Ellingsen believes NBAC is poised to make big moves: “Building from a stellar corps of volunteers, staff, directors, and supporters, I see NBAC expanding preservation as a form of public health,” he said. “It is rare to discover a museum at NBAC’s unique intersection of the humanities, architecture, environment, and art—and we have an opportunity here to help meet the eco-urgencies at hand and preserve our shared futures.”

St. Louis-based since 2017, Ellingsen’s local civic involvement includes partnering with the Griot Museum of Black History as co-Principal Investigator for the Black Herstory Initiative, funded by a $100,000 Monument Lab grant from for the design of a citywide wayfinding garden system linking memorial walkways across St.

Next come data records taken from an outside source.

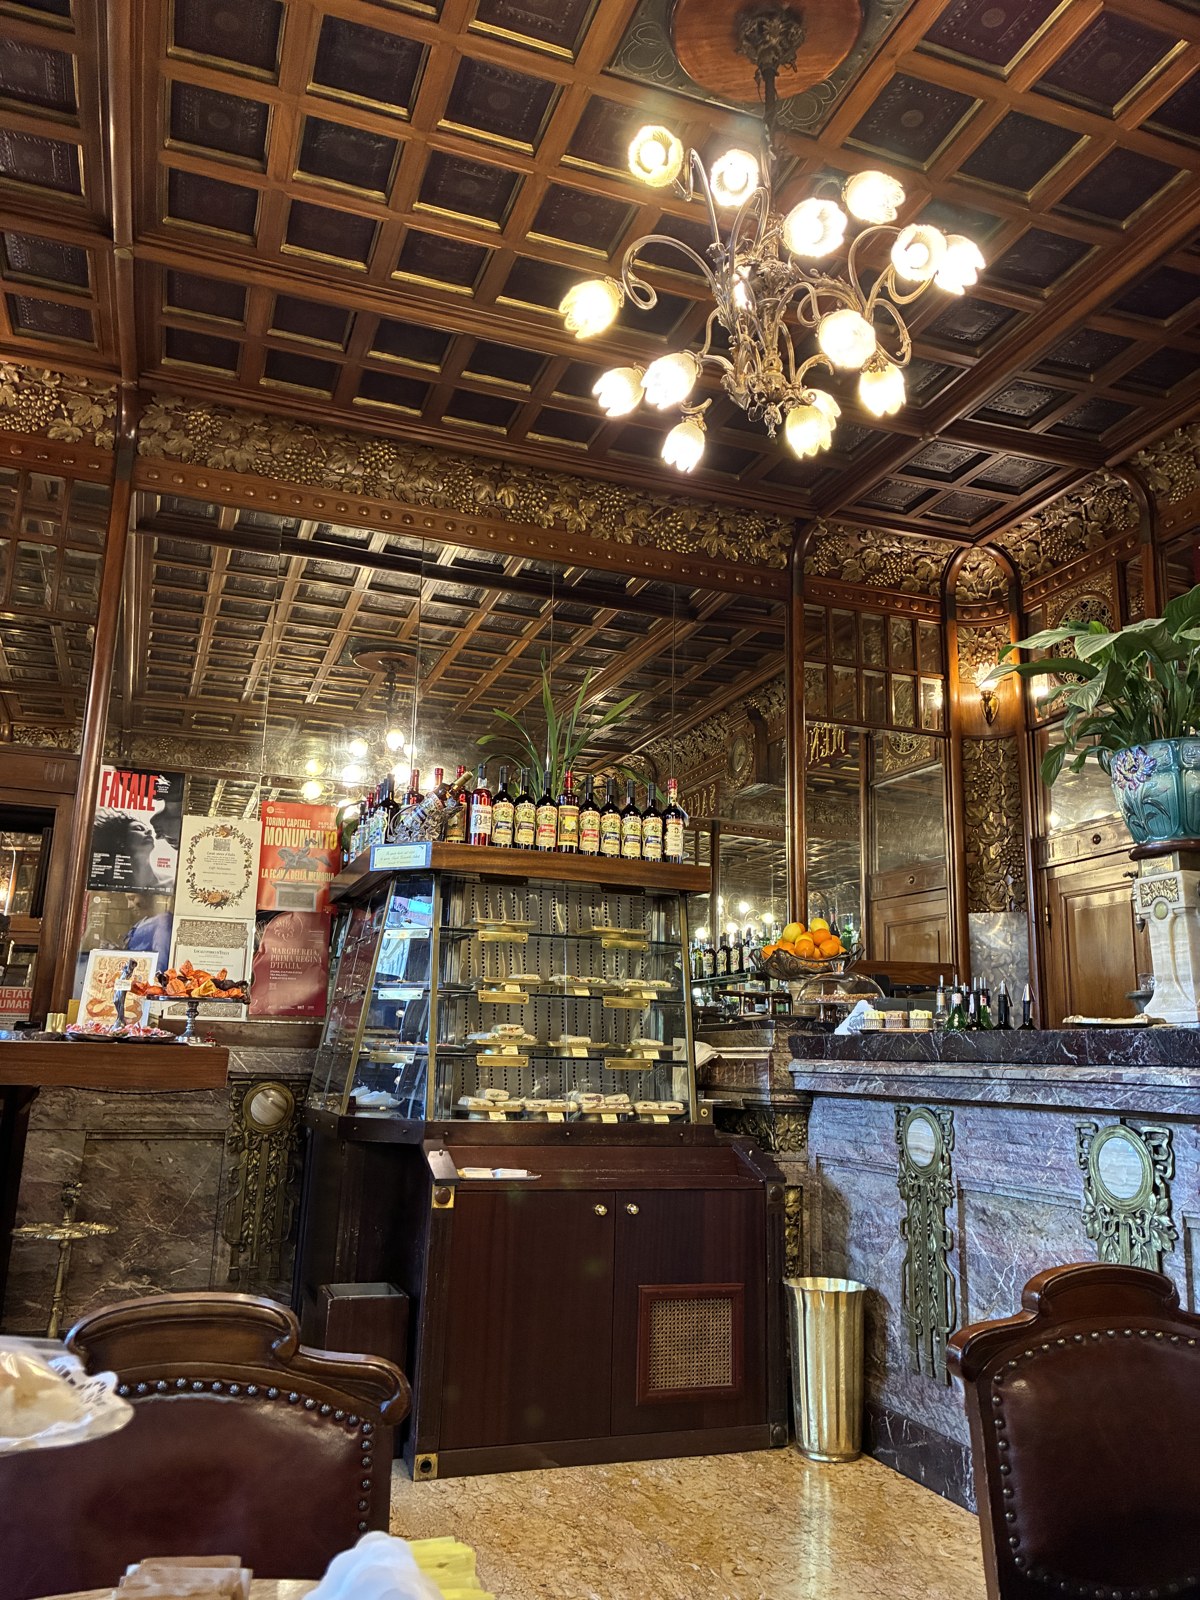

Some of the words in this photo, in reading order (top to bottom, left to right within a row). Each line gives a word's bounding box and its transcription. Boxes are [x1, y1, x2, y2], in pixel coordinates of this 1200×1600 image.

[100, 771, 158, 811] FATALE
[266, 816, 286, 827] TORINO
[287, 818, 311, 829] CAPITALE
[264, 826, 338, 851] MONUMENTO
[261, 868, 269, 879] LA
[290, 869, 307, 881] DELLA
[271, 947, 320, 957] MARGHERITA,
[270, 954, 293, 962] PRIMA
[0, 989, 33, 999] IETAT
[0, 999, 30, 1009] UMAR

Louis. In 2020, Ellingsen founded CINLAND (Cinema Landscape) LLC, an interspecies sound and vision laboratory in downtown St. Louis. He also operates Species of Space, an art-and-education practice.

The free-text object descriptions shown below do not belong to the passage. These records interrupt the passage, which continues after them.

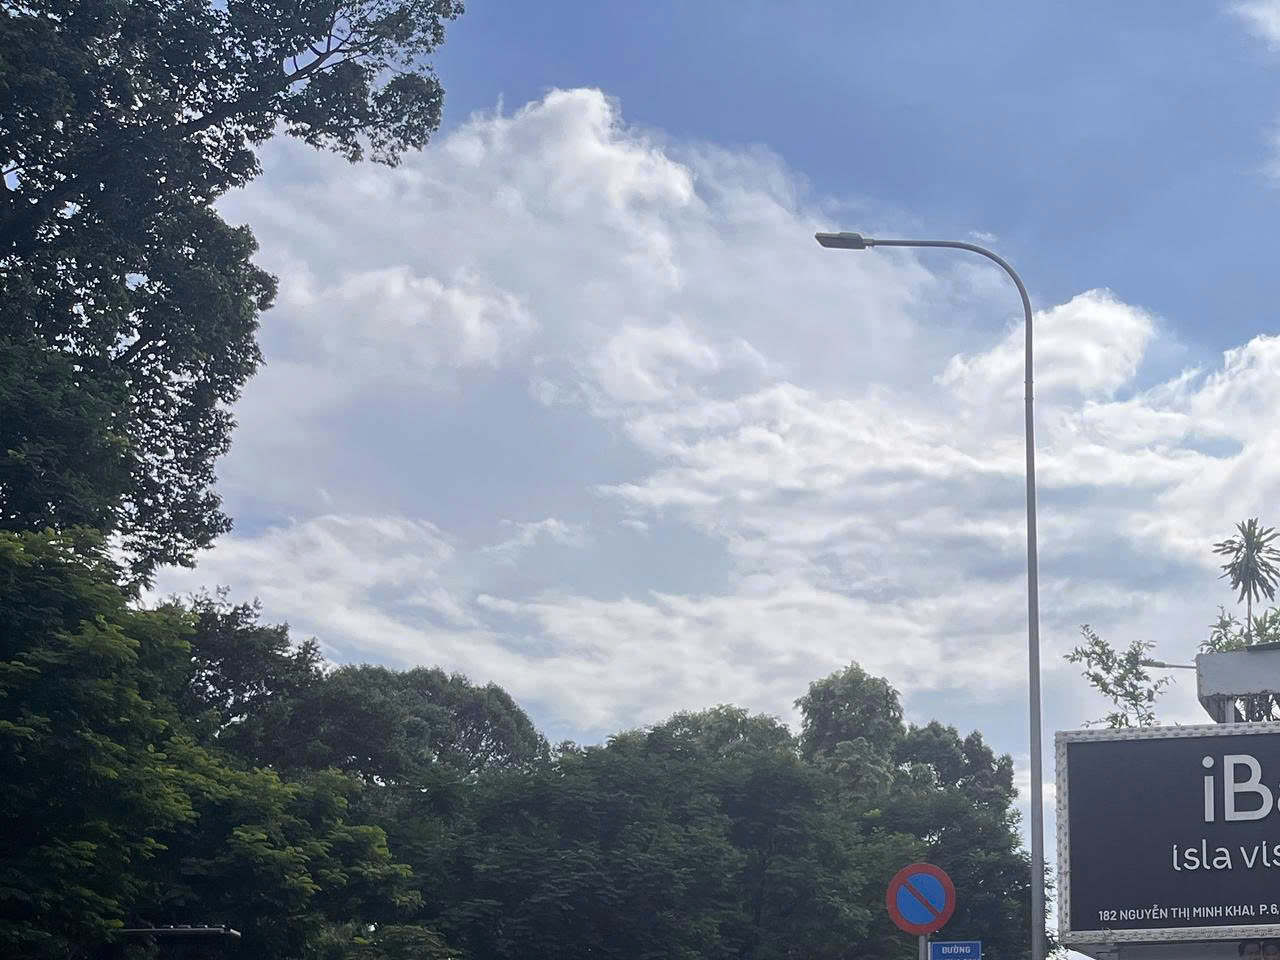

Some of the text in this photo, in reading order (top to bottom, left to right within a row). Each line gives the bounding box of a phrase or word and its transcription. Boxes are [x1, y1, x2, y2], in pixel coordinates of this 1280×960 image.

[1172, 838, 1233, 871] isla
[1099, 909, 1117, 921] 182
[1120, 904, 1168, 921] NGUYỄN
[1171, 907, 1190, 920] THỊ
[1193, 905, 1222, 918] MINH

Ellingsen’s earlier work spans the globe. In 2009 he co-founded the Institute for Spatial Experimentation (IfREX), a degree-granting public art school at the University of the Arts Berlin. As co-director, Ellingsen oversaw the institute’s multimillion-dollar operations, including public exhibitions, mobile laboratories, research residencies, symposia, publications, and global partnerships.

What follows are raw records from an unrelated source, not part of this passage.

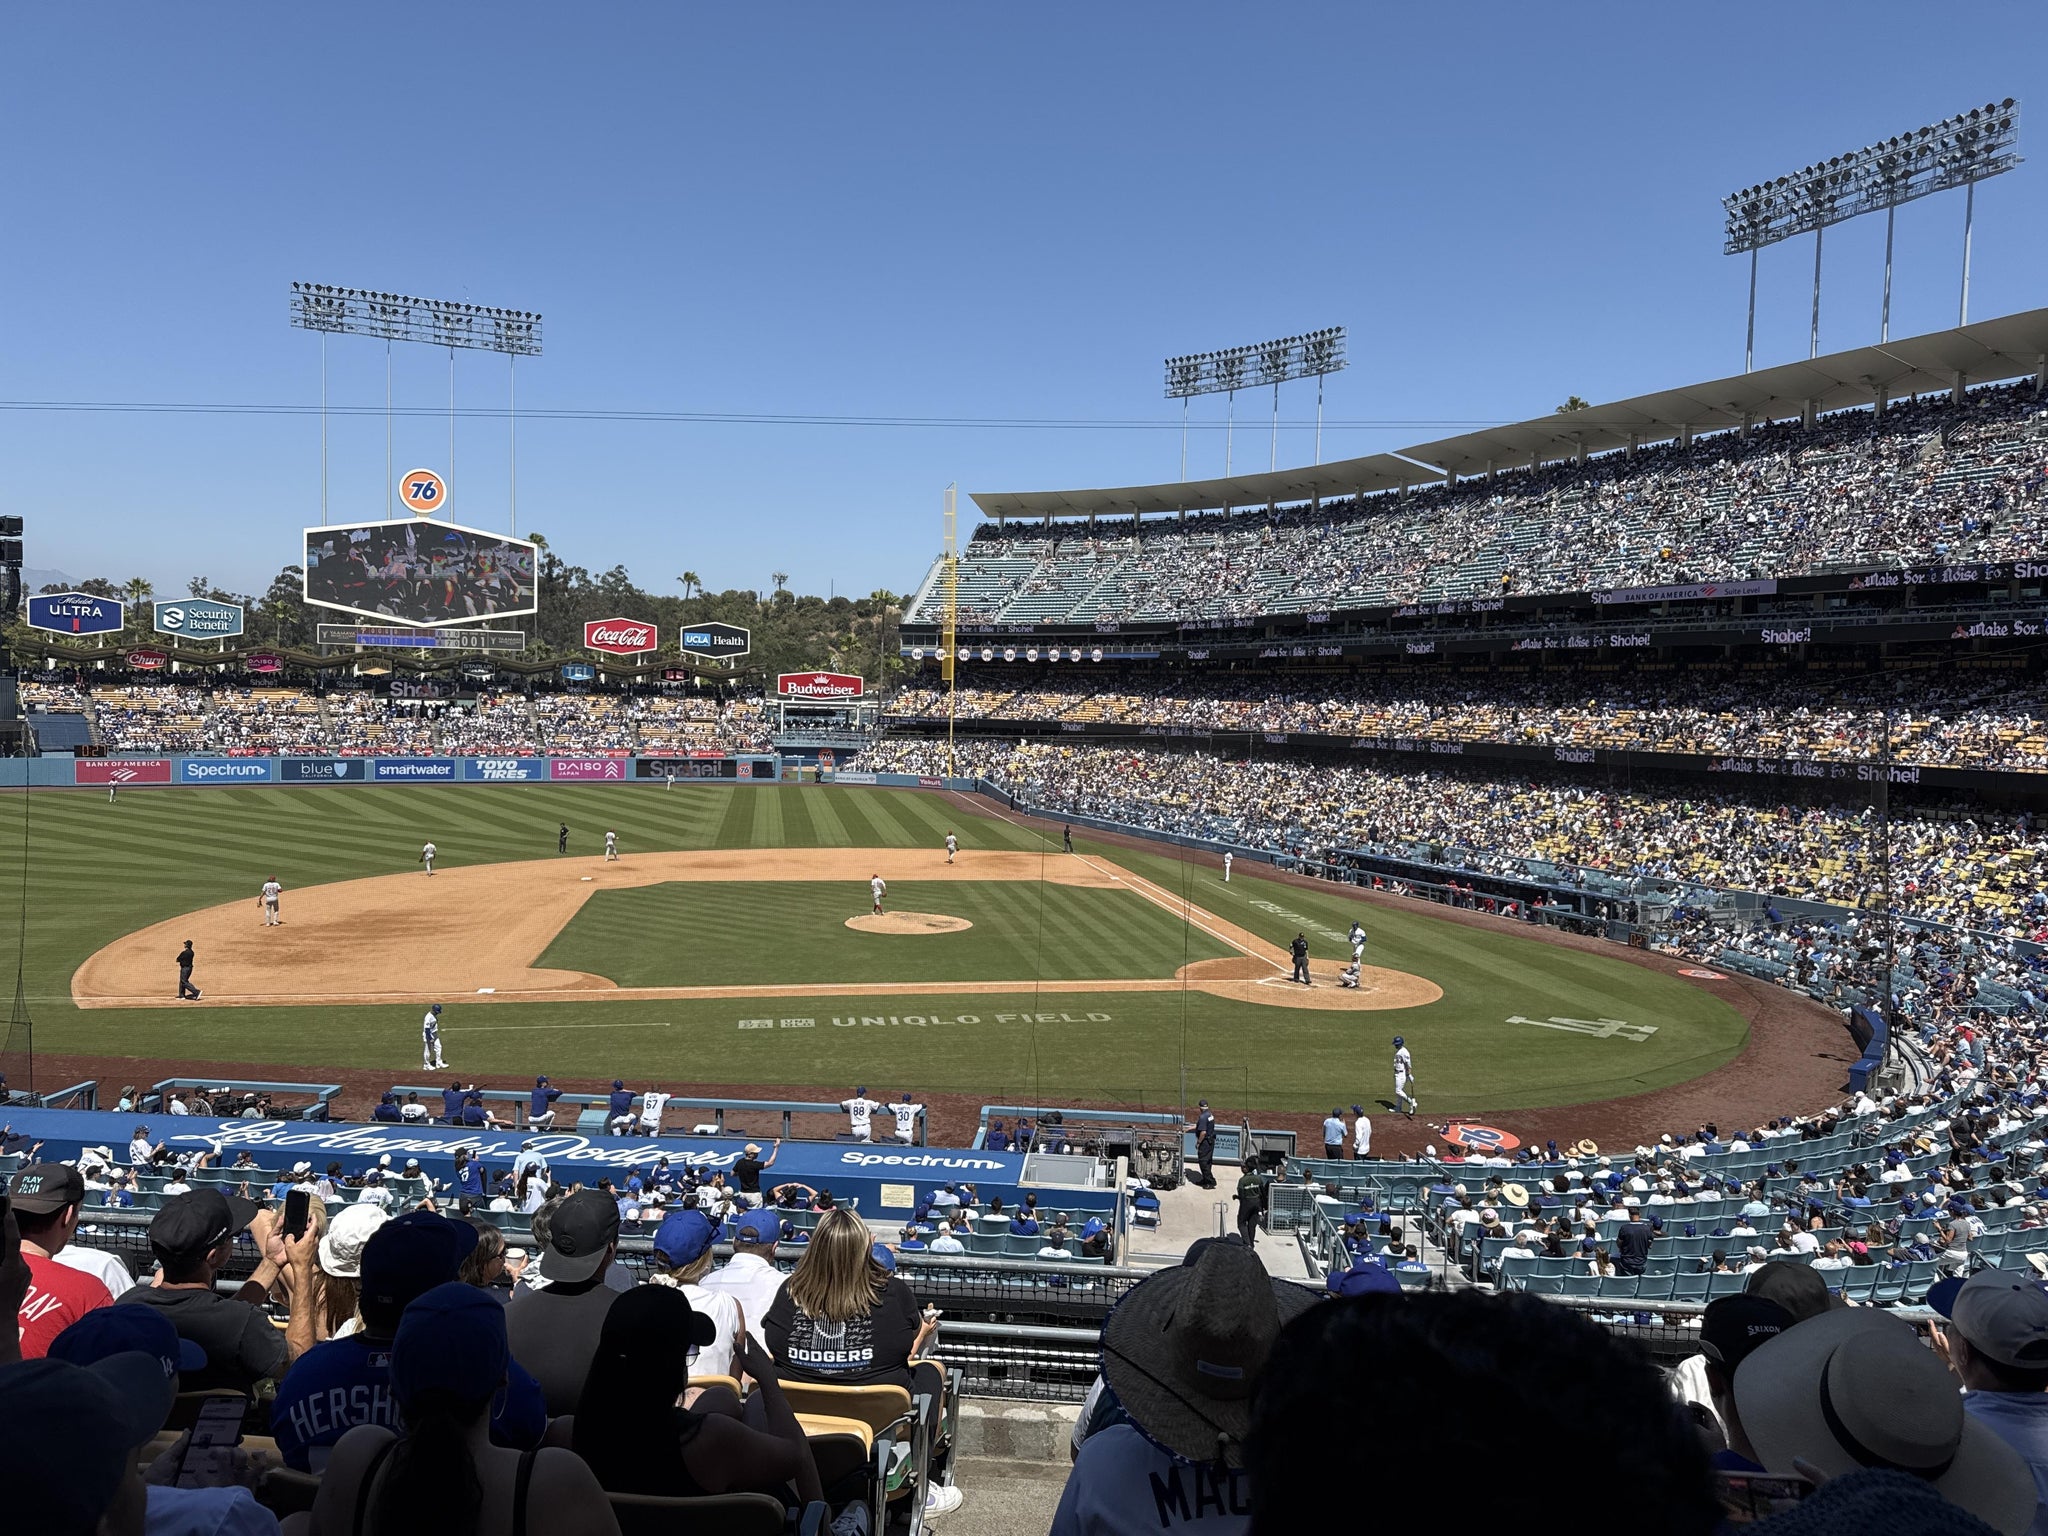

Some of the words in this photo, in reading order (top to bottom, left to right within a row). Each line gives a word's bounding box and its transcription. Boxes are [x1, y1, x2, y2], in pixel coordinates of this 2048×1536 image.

[409, 481, 437, 500] 76
[1625, 593, 1646, 601] BANK
[1649, 592, 1659, 600] OF
[1660, 590, 1698, 599] AMERICA
[1724, 587, 1741, 595] Suite
[1742, 586, 1761, 595] Level
[50, 604, 102, 617] ULTRA
[189, 608, 235, 622] Security
[189, 619, 229, 631] Benefit
[591, 626, 649, 647] Coca-Cola
[686, 635, 709, 644] UCLA
[713, 635, 744, 646] Health
[1610, 633, 1650, 647] Shohei!
[129, 653, 165, 665] Churu
[787, 682, 854, 696] Budweiser
[821, 752, 832, 760] 76
[301, 763, 332, 774] blue
[379, 764, 451, 775] smartwater
[476, 761, 518, 769] TOYO
[558, 763, 602, 771] DAISO
[650, 760, 722, 777] Shohei!
[740, 766, 749, 774] 76
[188, 764, 261, 779] Spectrum
[483, 770, 527, 779] TIRES
[1857, 765, 1920, 783] Shohei!
[831, 1014, 981, 1028] UNIQLO
[995, 1011, 1112, 1024] FIELD
[646, 1099, 658, 1110] 67
[853, 1106, 865, 1116] 88
[898, 1111, 909, 1121] 30
[170, 1121, 289, 1146] Los
[271, 1126, 507, 1156] Angeles
[492, 1134, 743, 1168] Dodgers
[840, 1151, 993, 1170] Spectrum
[22, 1176, 44, 1184] PLAY
[1747, 1325, 1781, 1336] SRIXON
[788, 1346, 873, 1362] DODGERS
[290, 1385, 401, 1444] HERSH

Ellingsen’s Perceiving Academy in Greece, Iceland, and Cyprus featured site-specific, cross-disciplinary schools supported by art residencies and partnerships with municipalities and art institutions. Their guided walks through watersheds and industrial corridors—led by waste and stormwater engineers, public health experts, and blind-trainers—materialized as site-specific interventions, vinyl records, videos, and large collective maps.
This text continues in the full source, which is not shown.